Sleep-specific conditions
Beyond general sleep disruption, the menopausal transition is associated with increased rates of certain sleep disorders.
Insomnia
Insomnia — dissatisfaction with sleep quantity or quality that causes daytime impairment — is among the most common sleep disorders during the menopausal transition. Estimates suggest roughly 37% of women in peri- and postmenopause experience insomnia (Benjafield et al., 2025). If you're unhappy with your sleep quantity or quality because of difficulties falling asleep, waking too early, or difficulty staying asleep, insomnia may be the right framework for conversation with your care team (Haufe & Leeners, 2023).

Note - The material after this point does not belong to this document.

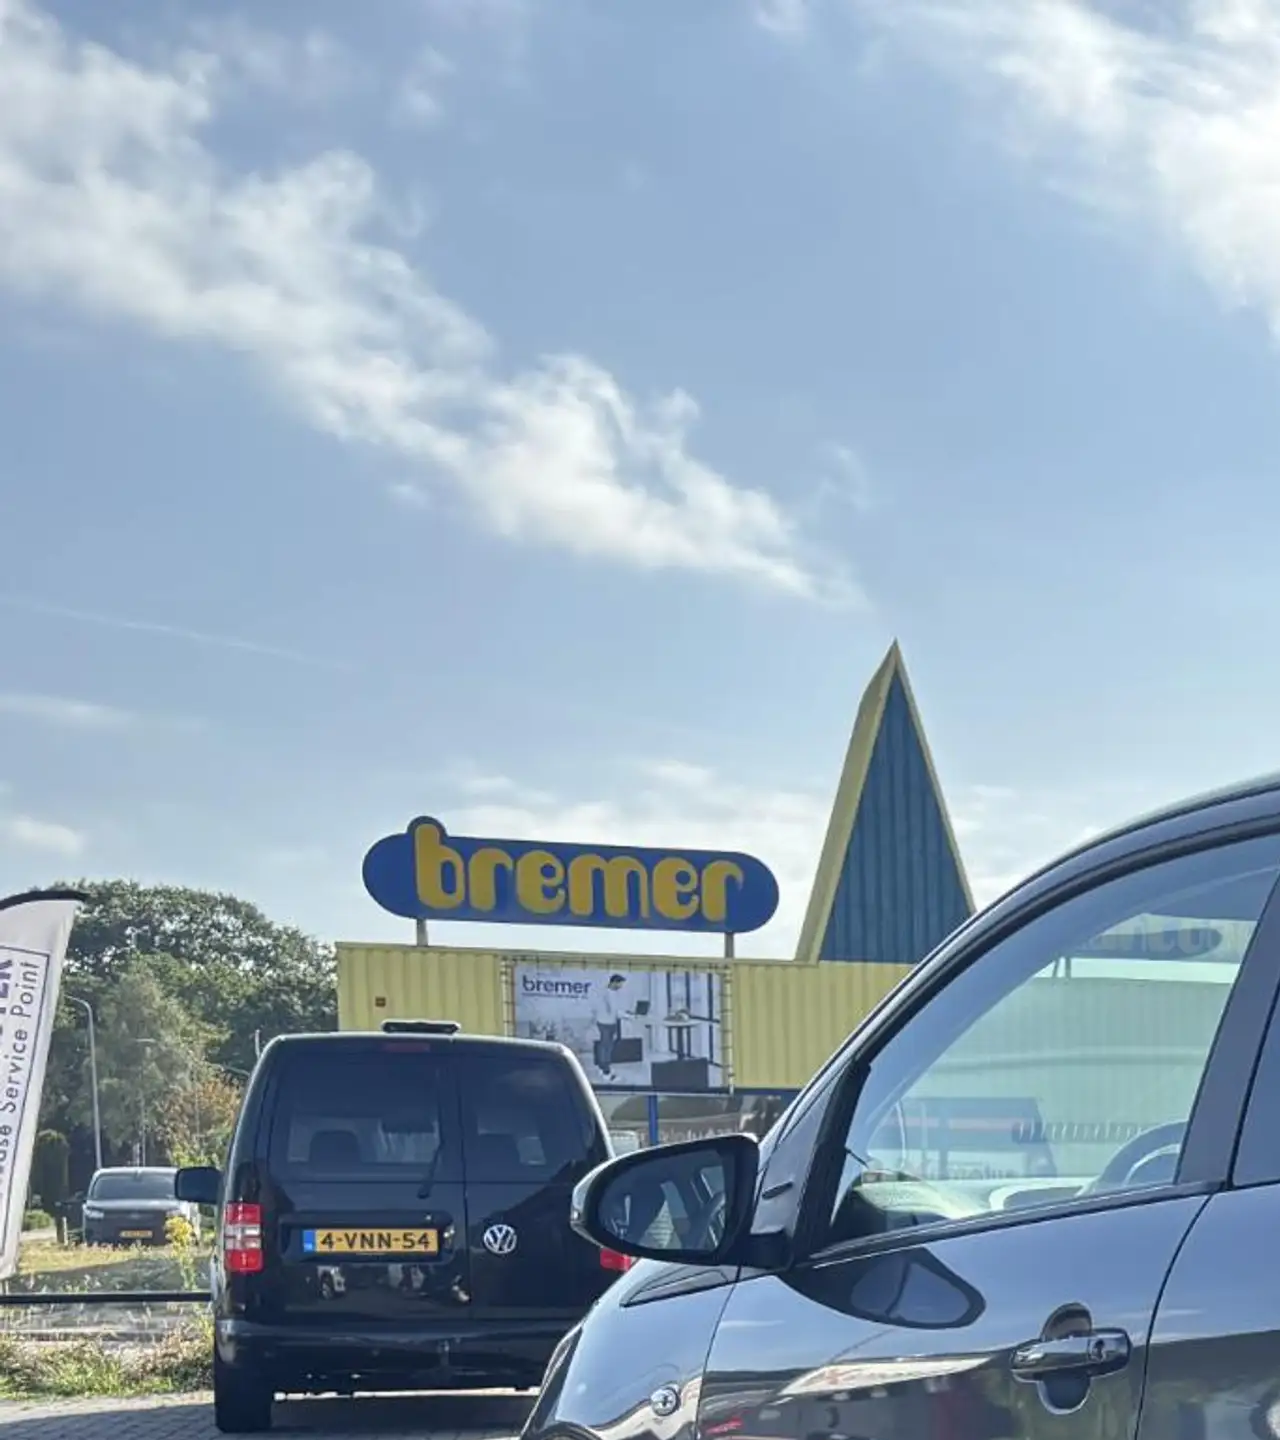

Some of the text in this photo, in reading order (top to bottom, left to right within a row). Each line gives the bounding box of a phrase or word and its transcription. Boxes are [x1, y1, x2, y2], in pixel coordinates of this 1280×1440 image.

Sleep-disordered breathing
Sleep-disordered breathing, including obstructive sleep apnea, becomes more common and more severe as women progress through the menopausal transition. A longitudinal study of 219 midlife women with repeated in-home PSG studies found that peri- and postmenopausal women had higher Apnea-Hypopnea Index (AHI) scores compared to premenopausal women, even after adjusting for age and BMI (Mirer et al., 2018).

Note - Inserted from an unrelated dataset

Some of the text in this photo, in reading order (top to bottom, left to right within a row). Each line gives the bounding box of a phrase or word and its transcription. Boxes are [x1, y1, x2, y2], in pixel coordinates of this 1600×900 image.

Importantly, women with sleep-disordered breathing often present differently than the classic picture. Rather than snoring and daytime sleepiness, women may present with insomnia, restless legs, mood disturbances, palpitations, and nightmares — which can lead to underdiagnosis (Lin et al., 2008; Baker et al., 2018). If you're experiencing these symptoms, raising the possibility of sleep-disordered breathing with your provider — even without snoring — is worth doing.
Restless Legs Syndrome (RLS)
Restless Legs Syndrome is more common during the menopausal transition, though prevalence estimates vary widely across studies (Salari et al., 2023). RLS occurs more often in women (9%) than men (5%), and risk increases with age. One cohort study found that women who underwent bilateral oophorectomy before natural menopause had a 44% higher risk of developing RLS, suggesting hormonal changes may play a role in its onset or worsening (Huo et al., 2021).
Will this go away on its own?
This is hard to answer with certainty — the research is mixed. Some studies suggest sleep difficulties stabilize or improve after the transition to postmenopause; others suggest they persist (Lampio et al., 2017; Soares et al., 2026). What the evidence does support is that untreated sleep disorders tend not to resolve on their own, and that addressing contributing factors — vasomotor symptoms, mood, sleep hygiene, and where appropriate medical treatment — can meaningfully improve sleep quality (Maki et al., 2024). The uncertainty about long-term course is itself a reason to take sleep difficulties seriously rather than waiting them out.
You're not alone. Not being able to rely on old habits and patterns to feel like your best self can be really challenging. Know you're not alone. More than half of the women going through perimenopause are also dealing with changes in sleep. The changes may persist into post menopause so addressing any concerns here may help to provide decades of relief.